REQUIRED WORK
Restate the whole listing exactly, leaving nothing out.
══ RECORDS FOR PROCESSING ══
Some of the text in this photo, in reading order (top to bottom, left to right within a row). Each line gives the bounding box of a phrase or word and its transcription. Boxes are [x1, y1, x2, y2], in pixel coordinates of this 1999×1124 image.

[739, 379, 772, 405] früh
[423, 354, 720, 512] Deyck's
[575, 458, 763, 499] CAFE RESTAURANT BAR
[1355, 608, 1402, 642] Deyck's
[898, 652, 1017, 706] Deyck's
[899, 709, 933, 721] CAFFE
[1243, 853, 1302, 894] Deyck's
═══
FINISHED TASK
Some of the text in this photo, in reading order (top to bottom, left to right within a row). Each line gives the bounding box of a phrase or word and its transcription. Boxes are [x1, y1, x2, y2], in pixel coordinates of this 1999×1124 image.

[739, 379, 772, 405] früh
[423, 354, 720, 512] Deyck's
[575, 458, 763, 499] CAFE RESTAURANT BAR
[1355, 608, 1402, 642] Deyck's
[898, 652, 1017, 706] Deyck's
[899, 709, 933, 721] CAFFE
[1243, 853, 1302, 894] Deyck's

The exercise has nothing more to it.